#### Activity:
All of the listing, from first line to last, should be output exactly; the pictures stay out.
Material supplied Start Marker
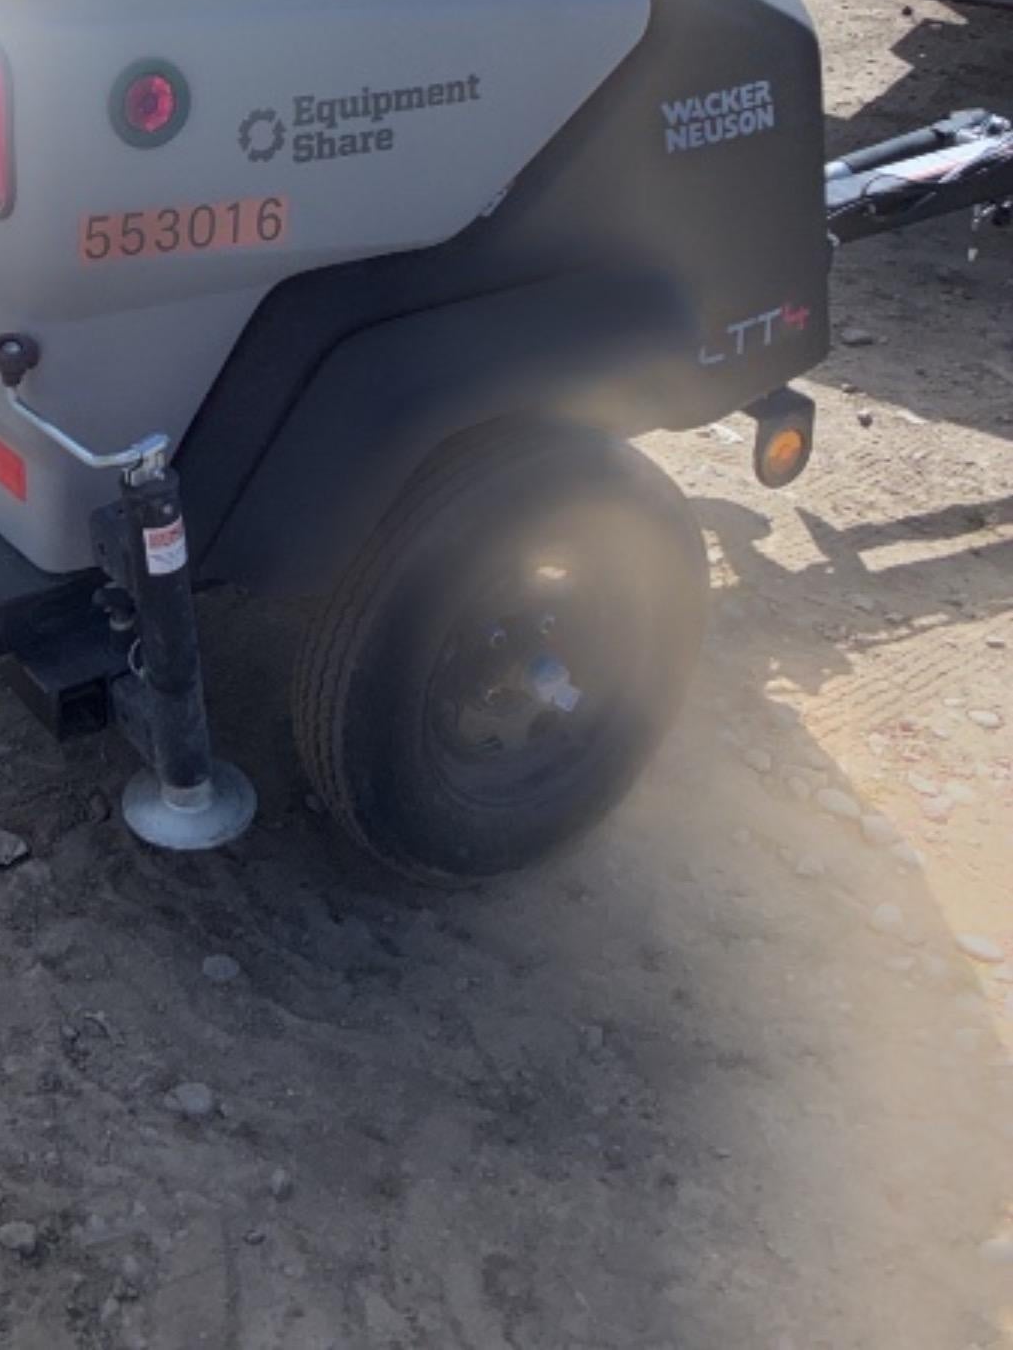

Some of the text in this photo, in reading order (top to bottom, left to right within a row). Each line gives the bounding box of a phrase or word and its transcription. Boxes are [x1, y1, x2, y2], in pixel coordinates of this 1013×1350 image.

[292, 73, 482, 130] Equipment
[661, 80, 773, 125] WACKER
[292, 127, 394, 164] Share
[665, 105, 775, 154] NEUSON
[85, 197, 283, 259] 553016
Material supplied End Marker
#### Problem solution:
Some of the text in this photo, in reading order (top to bottom, left to right within a row). Each line gives the bounding box of a phrase or word and its transcription. Boxes are [x1, y1, x2, y2], in pixel coordinates of this 1013×1350 image.

[292, 73, 482, 130] Equipment
[661, 80, 773, 125] WACKER
[292, 127, 394, 164] Share
[665, 105, 775, 154] NEUSON
[85, 197, 283, 259] 553016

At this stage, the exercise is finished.